### DATA FOR THIS TASK

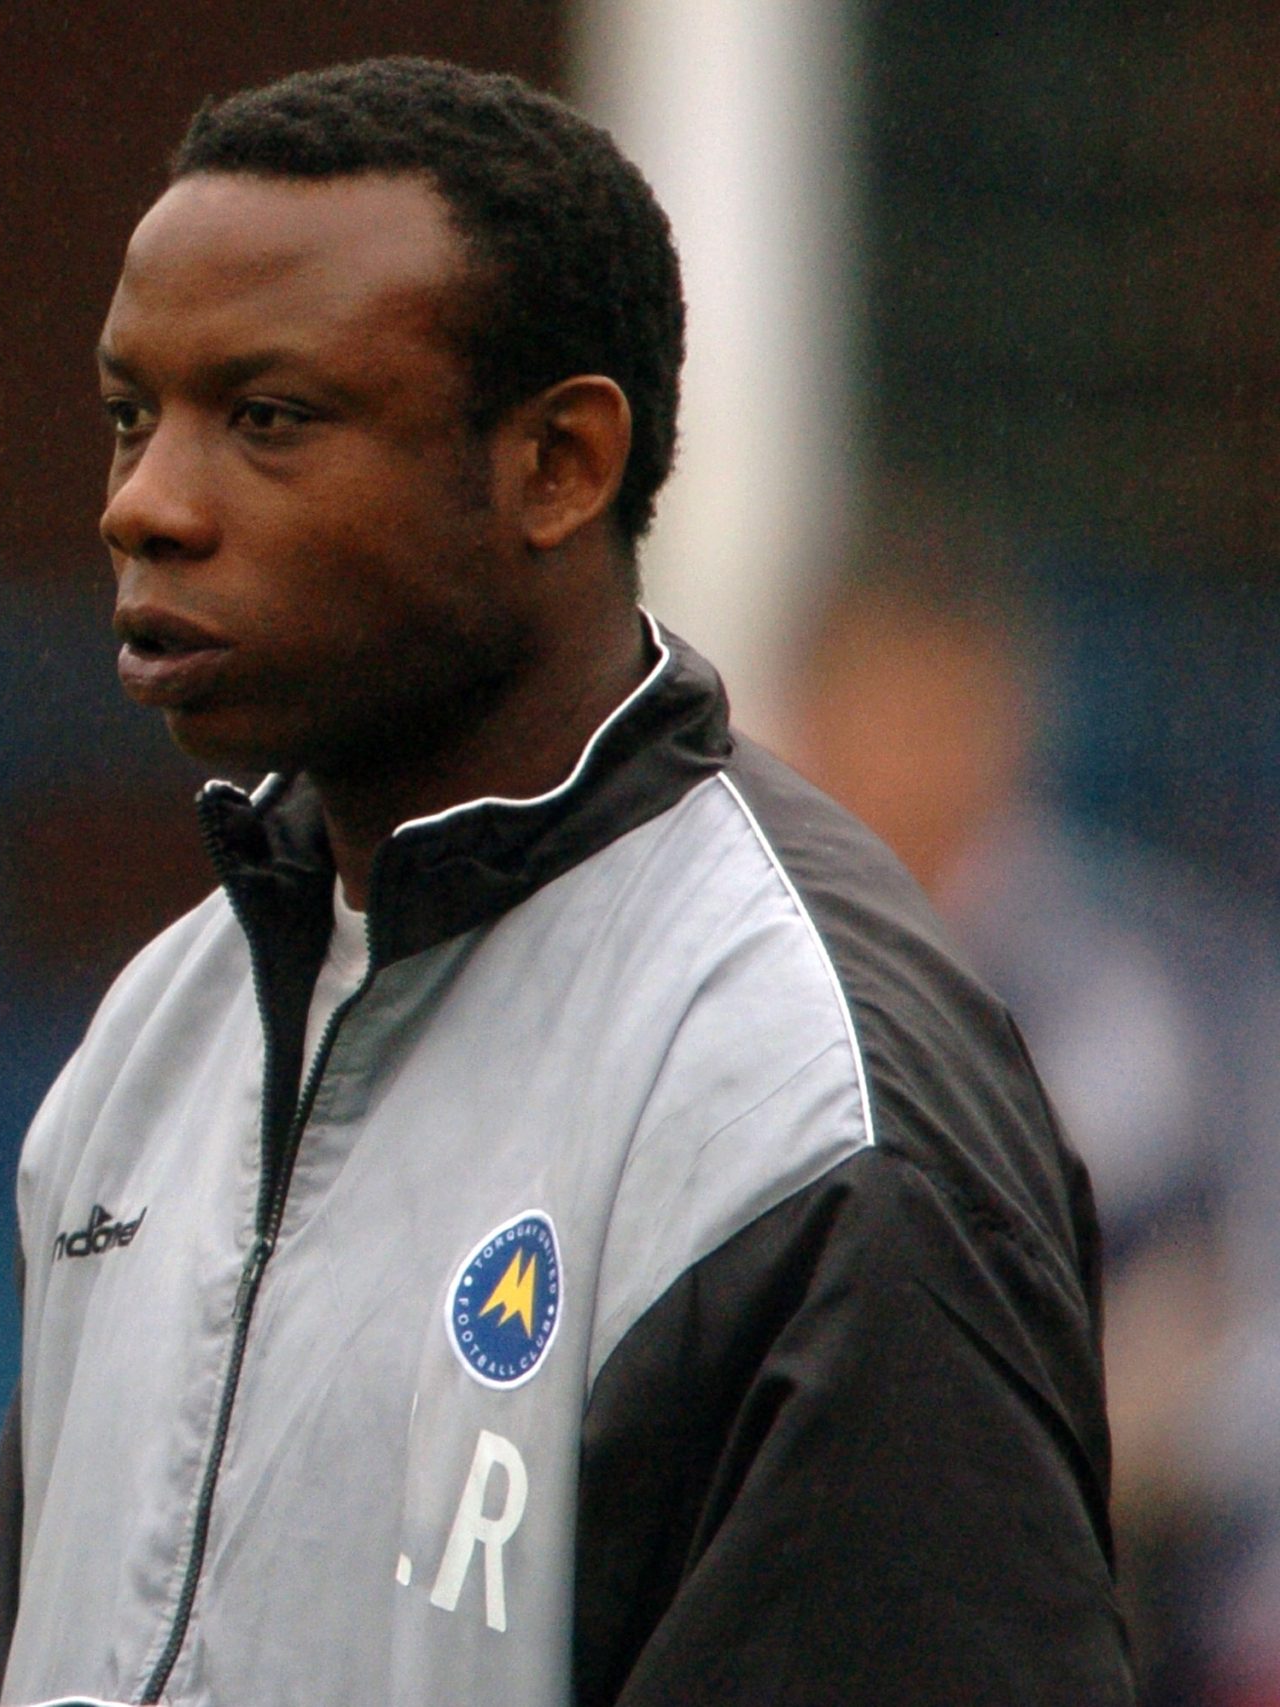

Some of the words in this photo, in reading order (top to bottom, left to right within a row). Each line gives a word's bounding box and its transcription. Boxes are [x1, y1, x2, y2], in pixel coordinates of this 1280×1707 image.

[474, 1223, 539, 1269] TORQUAY
[538, 1229, 557, 1294] UNITED
[457, 1297, 517, 1377] FOOTBALL
[519, 1319, 552, 1370] CLUB
[395, 1428, 529, 1633] R
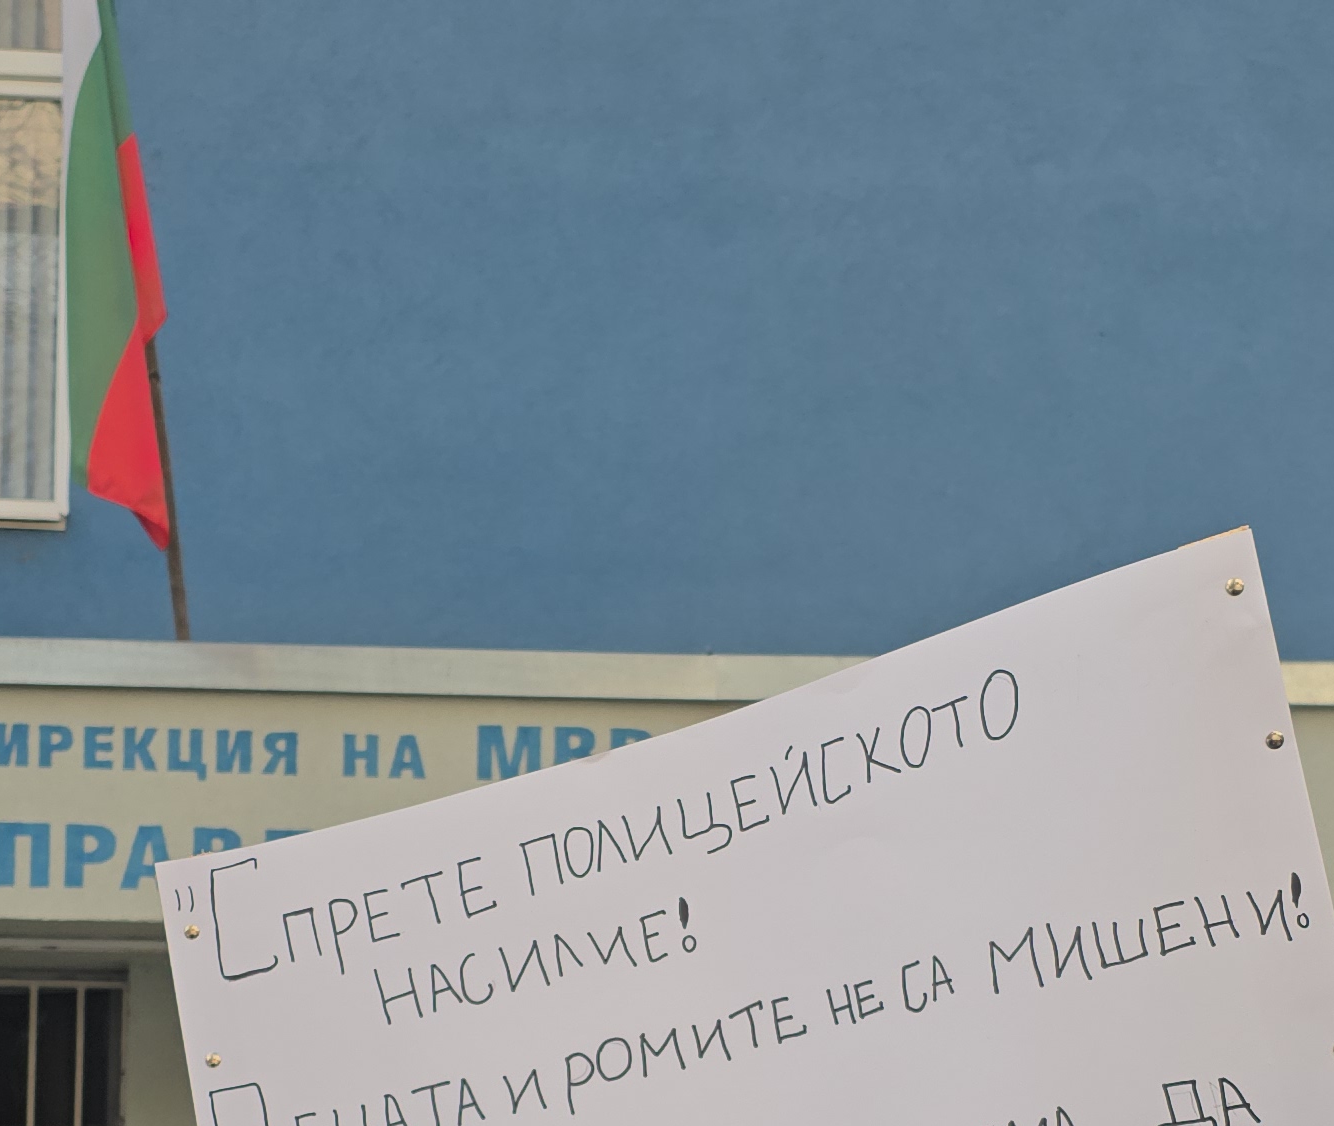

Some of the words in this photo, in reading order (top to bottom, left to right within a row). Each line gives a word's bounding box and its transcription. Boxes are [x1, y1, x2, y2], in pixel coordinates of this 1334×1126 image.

[342, 733, 427, 780] НА
[519, 668, 1019, 896] ПОЛИЦЕЙСКОТО
[373, 896, 698, 1025] НАСИЛИЕ!
[503, 1068, 547, 1114] И
[565, 996, 807, 1115] РОМИТЕ
[827, 980, 884, 1025] НЕ
[901, 955, 955, 1013] СА
[988, 871, 1310, 995] МИШЕНИ!
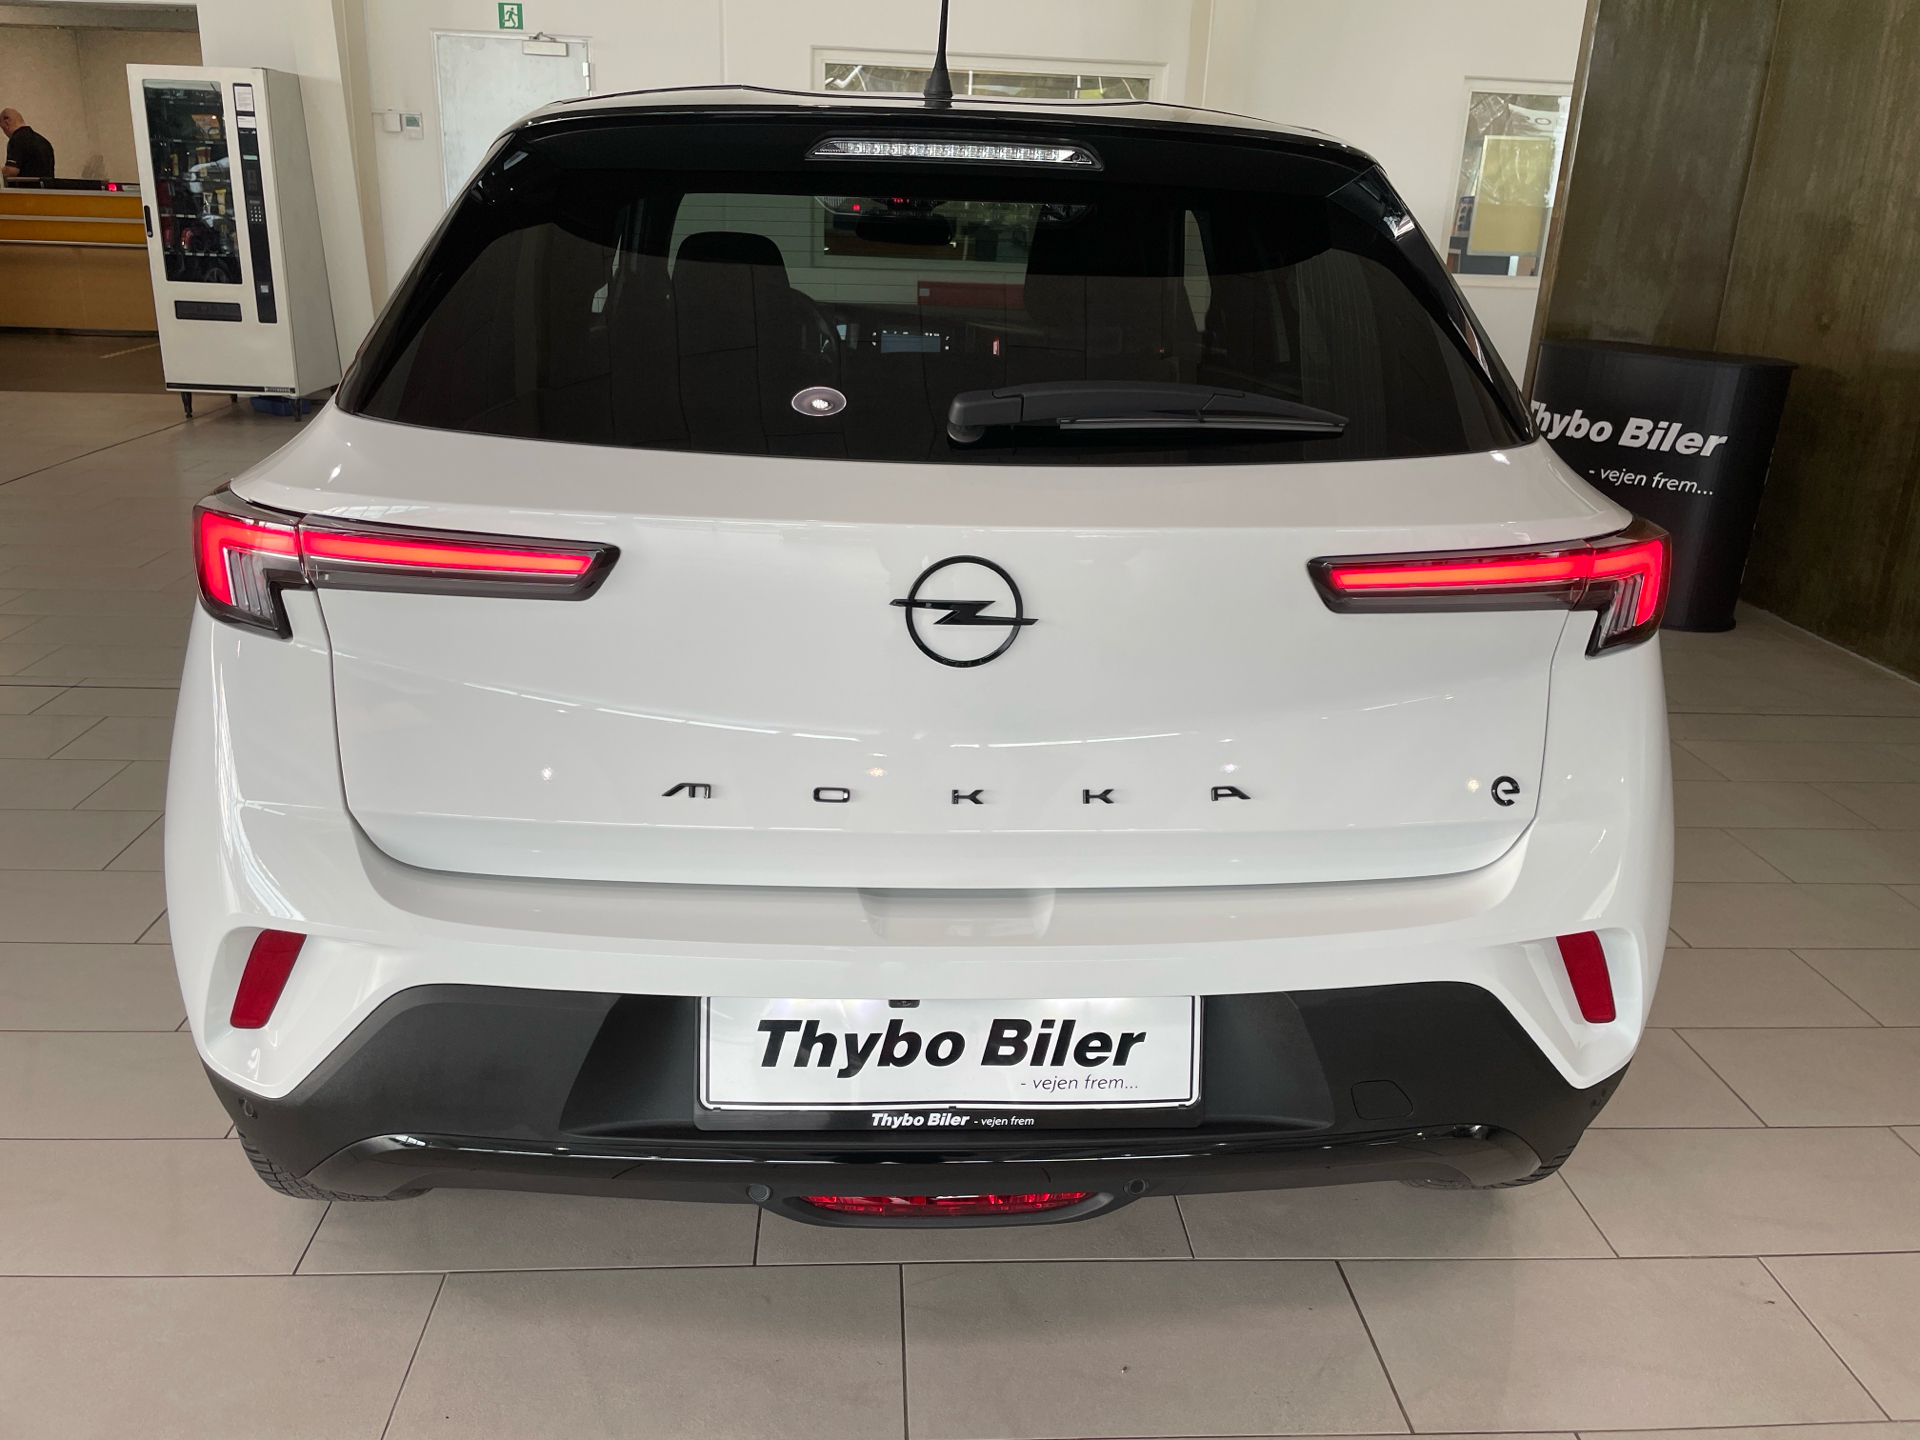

### TASK REQUIREMENTS
With the pictures excluded, the line containing "this 1334×1126 image." and every line after it through the end of the data above are to be transcribed exactly, and nothing more.

### RESULT OF THE EXERCISE
Some of the words in this photo, in reading order (top to bottom, left to right within a row). Each line gives a word's bounding box and its transcription. Boxes are [x1, y1, x2, y2], in pixel coordinates of this 1334×1126 image.

[342, 733, 427, 780] НА
[519, 668, 1019, 896] ПОЛИЦЕЙСКОТО
[373, 896, 698, 1025] НАСИЛИЕ!
[503, 1068, 547, 1114] И
[565, 996, 807, 1115] РОМИТЕ
[827, 980, 884, 1025] НЕ
[901, 955, 955, 1013] СА
[988, 871, 1310, 995] МИШЕНИ!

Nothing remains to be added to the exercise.